Chabon has said that the "creative free-flow" he has with Waldman inspired the relationship between Sammy Clay and Rosa Saks in The Amazing Adventures of Kavalier & Clay. Entertainment Weekly declared the couple "a famous—and famously in love—writing pair, like Nick and Nora Charles with word processors and not so much booze."

In a 2012 NPR interview, Chabon told Guy Raz that he writes from 10 p.m. to 3 a.m. each day, Sunday through Thursday. He attempts 1,000 words a day. Commenting on the rigidity of his routine, Chabon said,

There have been plenty of self-destructive rebel-angel novelists over the years, but writing is about getting your work done and getting your work done every day. If you want to write novels, they take a long time, and they're big, and they have a lot of words in them.... The best environment, at least for me, is a very stable, structured kind of life.

Novels
1988 - The Mysteries of Pittsburgh
1995 - The Wonder Boys
2000 - The Amazing Adventures of Kavalier & Clay
2002 - Summerland (Young Adult)
2004 - The Final Solution
2007 - The Yiddish Policemen's Union
2007 - Gentlemen of the Road
2012 - Telegraph Avenue
2016 - Moonglow

(Author bio adapted from Wikipedia. Retrieved 10/2/2016.)


Book Reviews
Here is a first novel by a talented young writer that is full of all the delights, and not a few of the disappointments, inherent in any early work of serious fiction.

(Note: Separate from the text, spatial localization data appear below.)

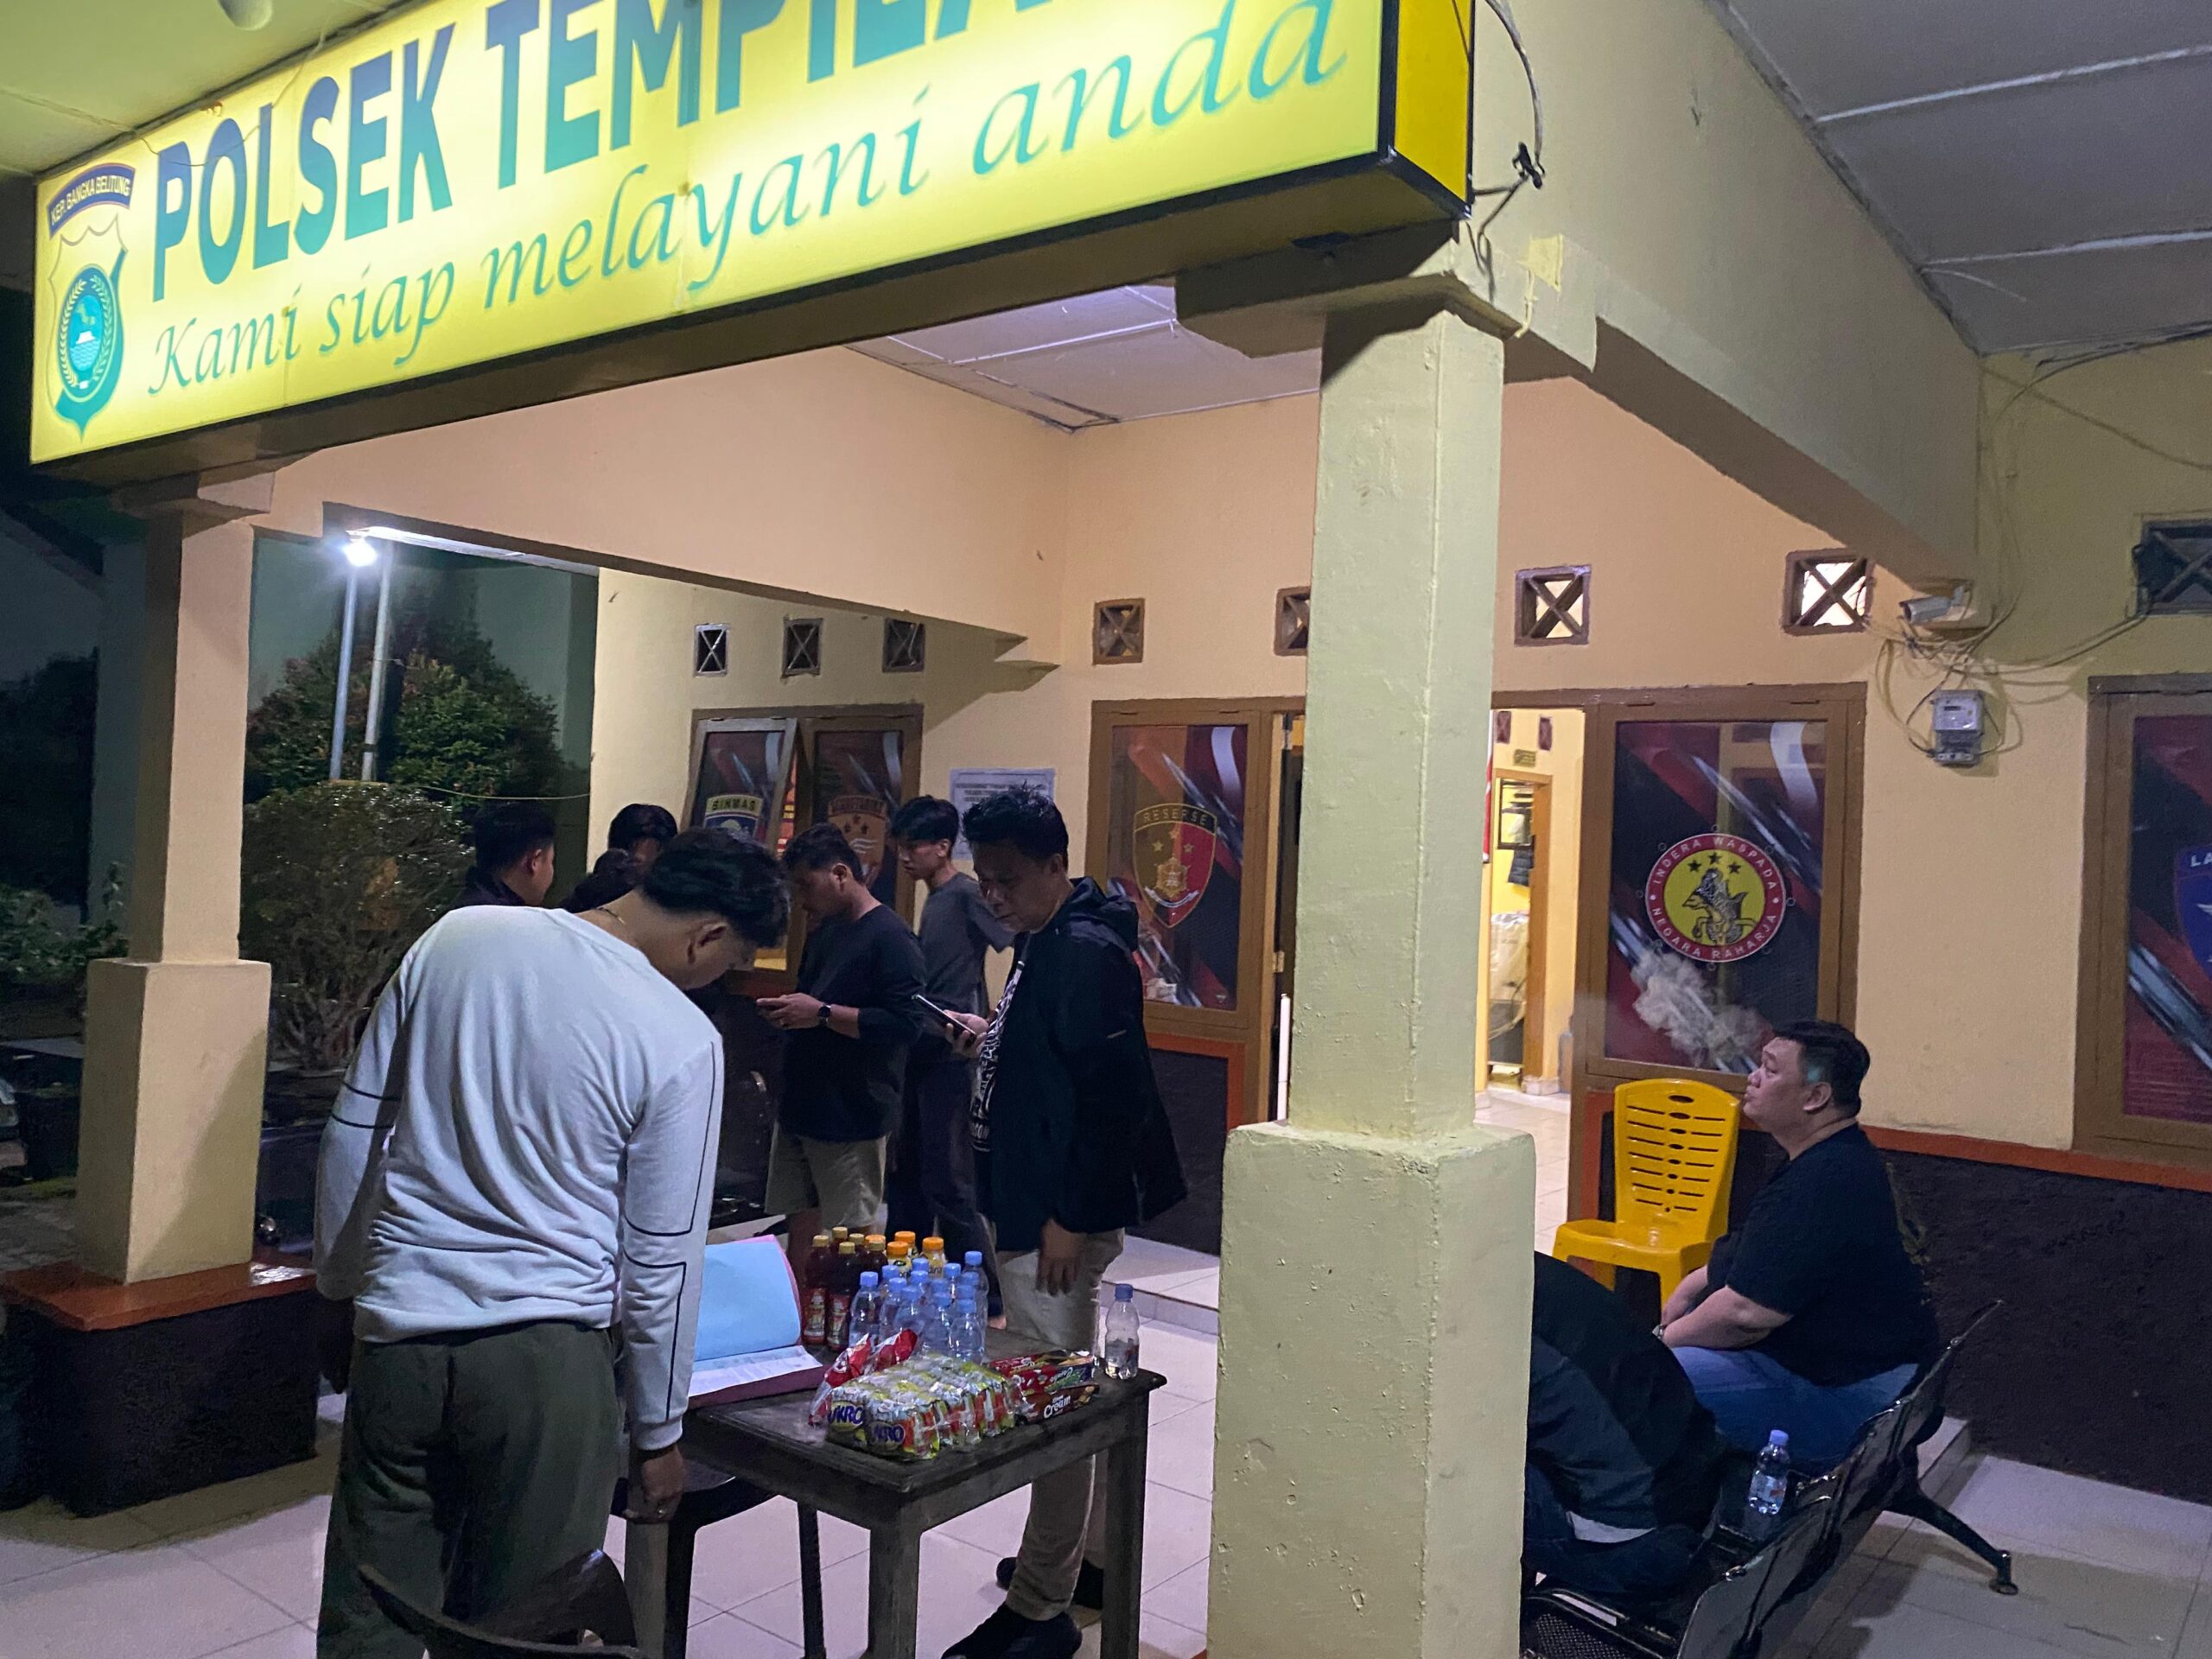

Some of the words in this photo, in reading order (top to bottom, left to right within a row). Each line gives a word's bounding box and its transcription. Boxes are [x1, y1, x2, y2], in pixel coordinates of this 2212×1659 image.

[152, 22, 455, 302] POLSEK
[66, 178, 95, 210] BANGKA
[148, 283, 302, 395] Kami
[319, 261, 455, 365] siap
[483, 84, 931, 308] melayani
[973, 0, 1347, 175] anda
[1142, 808, 1208, 825] RESERSE
[1653, 839, 1701, 885] INDERA
[1713, 836, 1777, 889] WASPADA
[1652, 907, 1701, 957] NEGARA
[1712, 914, 1777, 959] RAHARJA
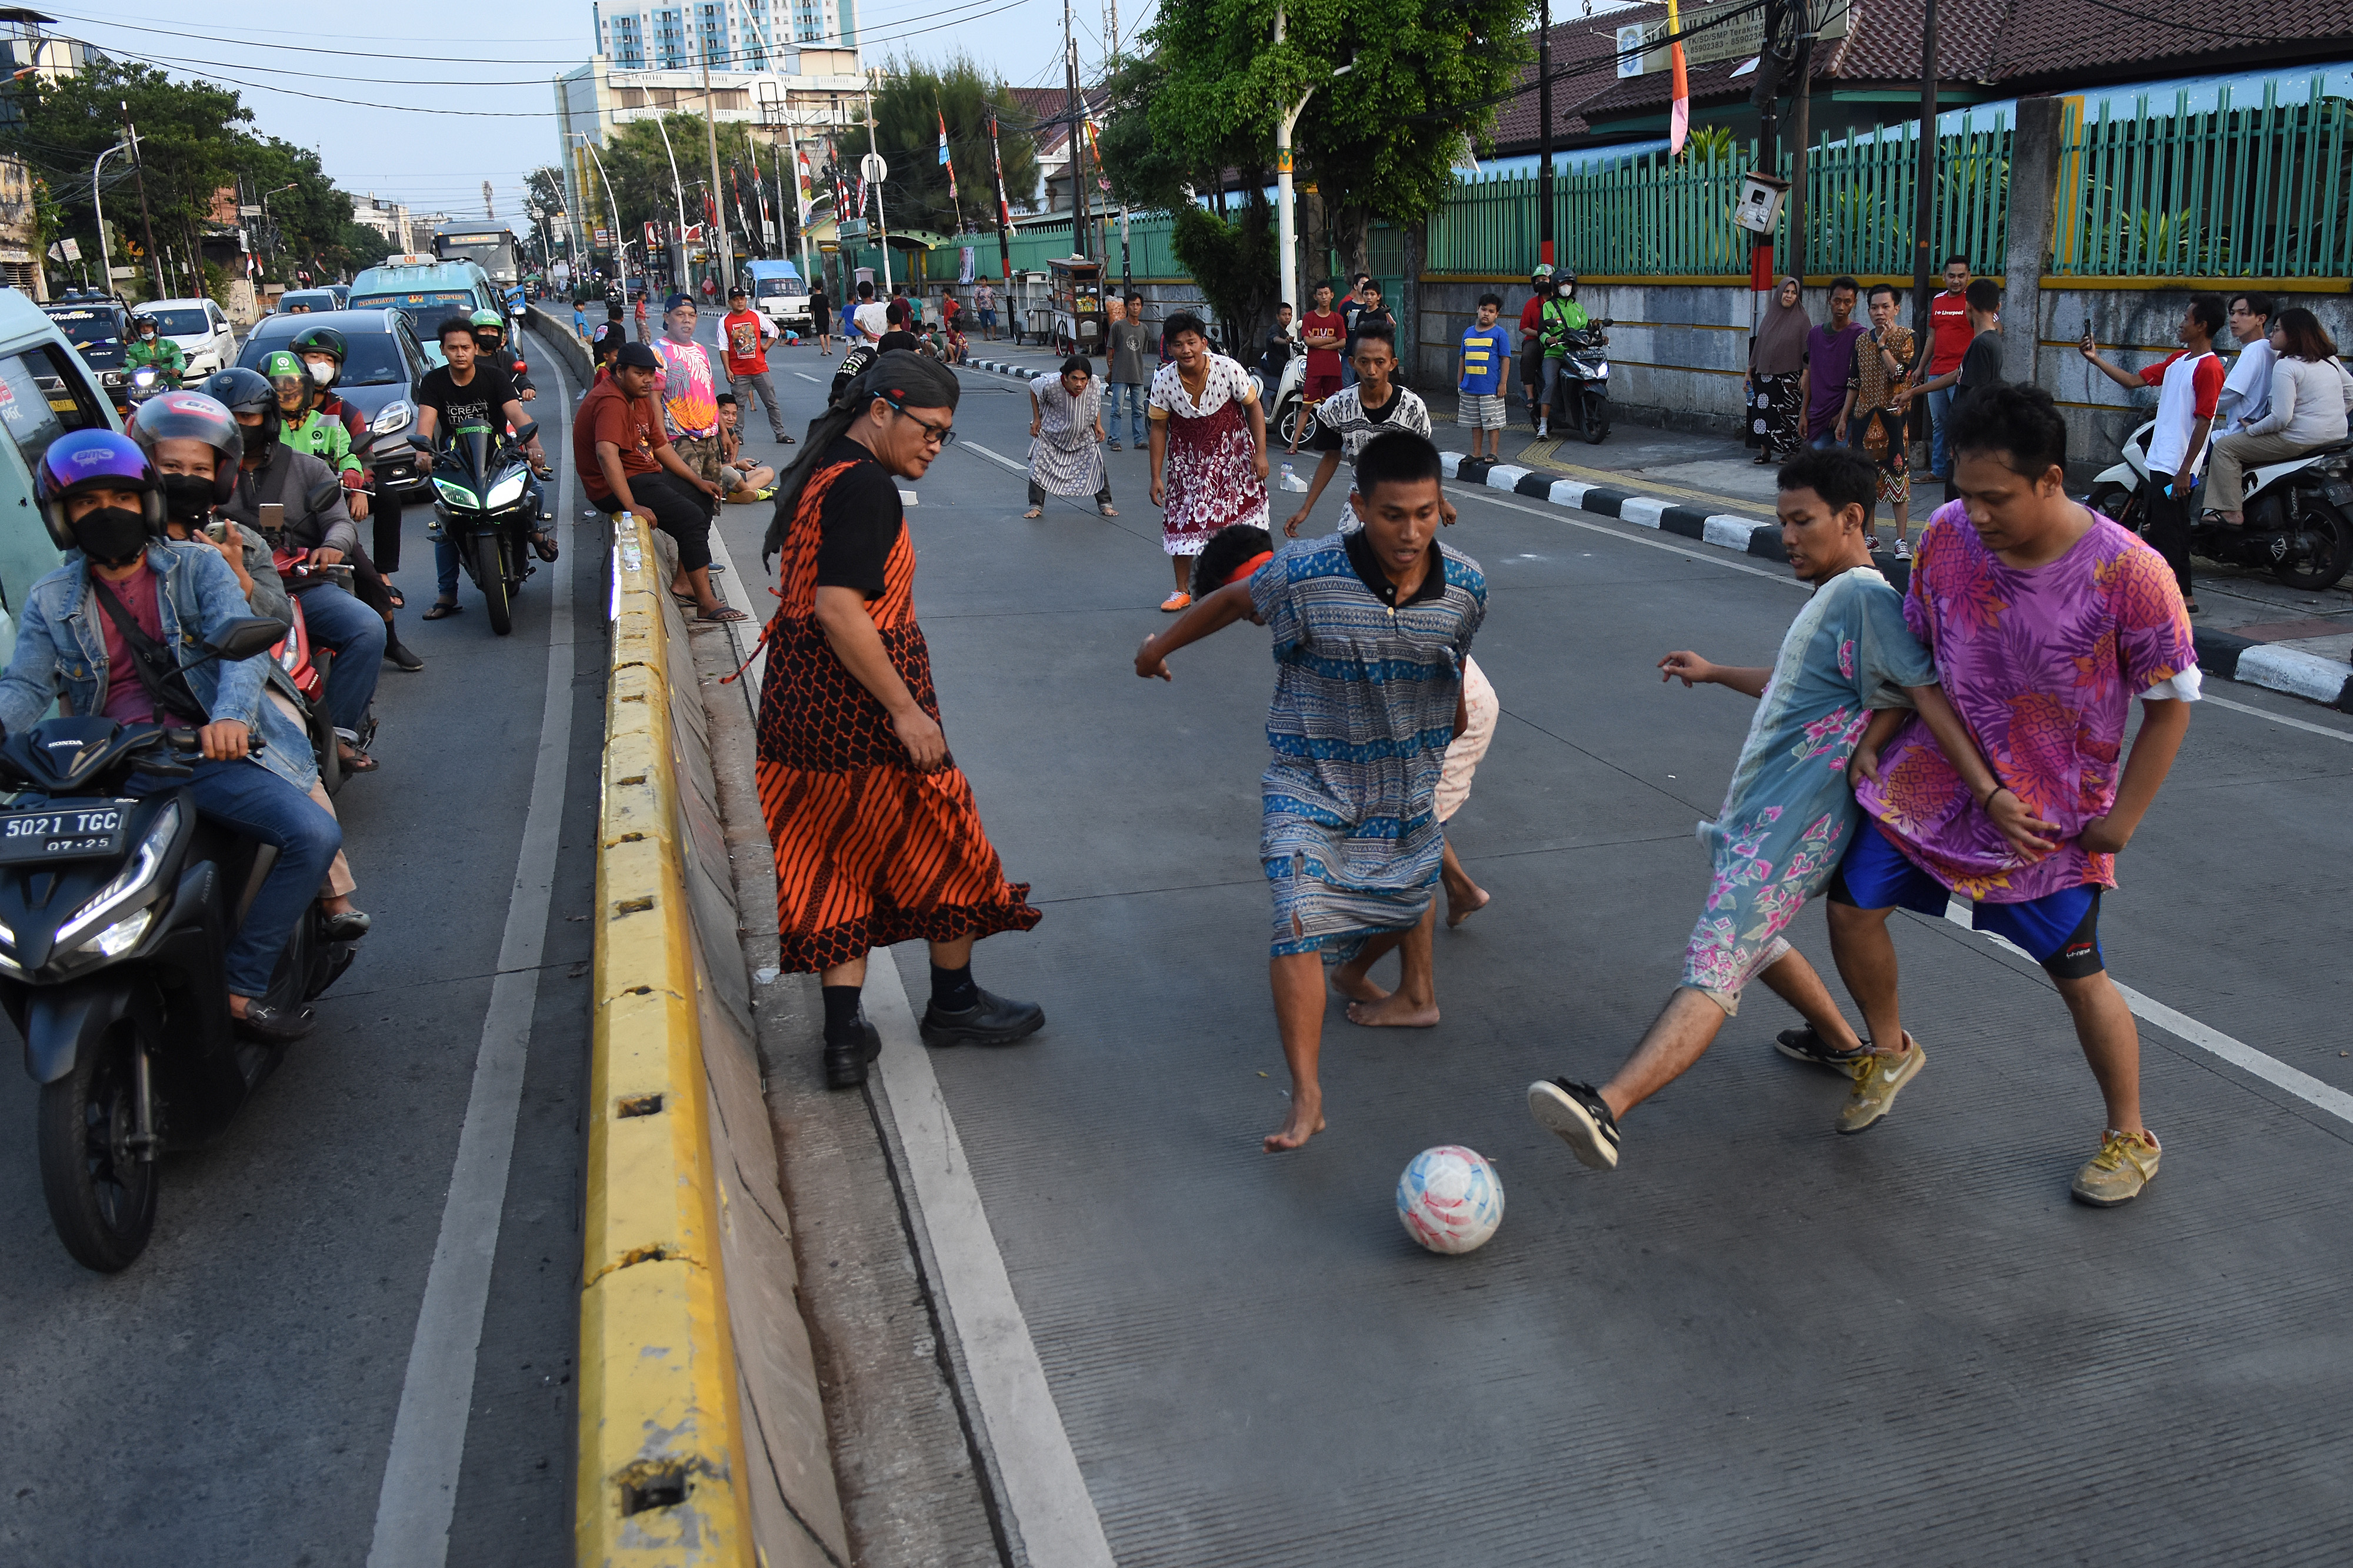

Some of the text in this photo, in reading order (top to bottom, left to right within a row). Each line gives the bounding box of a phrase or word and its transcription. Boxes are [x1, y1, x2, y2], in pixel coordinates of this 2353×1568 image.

[1688, 31, 1728, 45] TK/SD/SMP
[1691, 41, 1724, 54] 85902383
[404, 255, 417, 263] 01
[408, 294, 424, 303] 01
[76, 450, 110, 461] BMC
[48, 740, 84, 748] HONDA
[6, 812, 118, 836] 5021 TGC

There is the pleasure of a fresh voice and a keen eye, of watching a writer clearly in love with language and literature, youth and wit, expound and embellish upon the world as he sees it, balanced by a scarcity of well-developed characters and a voice so willing to please that it seldom goes beyond the story's surface. As is the case in so many first novels, 'The Mysteries of Pittsburgh is a coming-of-age story, the chronicle of a single summer in which a young man confronts both his family and his sexuality and thus finds them forever changed.
Alice McDermott - New York Times


First-novelist Chabon, with...distinctive vision...an elegiac, graceful style, spins a story about alienated youth that, while serving up some familiar details of sex, alcohol and drugs,... fully engages the reader in the lives of an appealing cast of characters.
Publishers Weekly


Heavy pre-pub hype...ill serves the modest achievement of this competent first novel about the difficulties of being a mobster's son.... While the gangster's giddy child dithers through his soap-operatic dilemma...his father reveals his true mobster ways, with tragic results. Broadly-drawn characters, patches of careless writing, and improbable plot twists should make for a fine film.
Kirkus Reviews


Discussion Questions
1. Arthur Lecomte and Art share the same name. What is the significance of this?

2. As their friendship blossoms, Art even begins to "affect an over grammatical, precious manner  toward people,"(page 57) following Arthur's example. Does Art want to be Arthur? Why?

3. "I had the impression that as far as Arthur and Jane were concerned, Cleveland flew, or had flown, as far above their twin blond heads as I saw them flying above me–but he had fallen, or was falling, or they were all on their way down." (Page 38-39). Art meets up with his newfound friends at the end of college. What draws them all together?

4. Do Jane, Arthur, and Art unrealistically idolize Cleveland? What does Cleveland represent to the three friends? Is his death the inevitable severing of their fragile friendships?

5. Describe Art's relationship with his father. Does he resent his father more for his mob connection or for the death of his mother?

6. Art's mother's death is a mystery up until Art blurts out in the hospital, "Ever since what, Lenny? They killed my mother instead of him?" (Page 290). How does that explain Art's uncertainty throughout the story, his childlike behavior around his father, his reluctance to talk about his mother to Phlox, and/or his insecurity about his masculinity?

7. After Art introduces Cleveland to his father, Art realizes he has lost any remaining respect his father may have had for him. What makes Art turn to Arthur for solace?

8. What does the Cloud Factory represent to these characters?

9. Is Cleveland a genuine friend of Art's, or an opportunist?

10. Aside from Art's troubled relationship with his father, explain Jane's, Cleveland's, and Arthur's relationships with their parents, and how these relationships shaped the characters.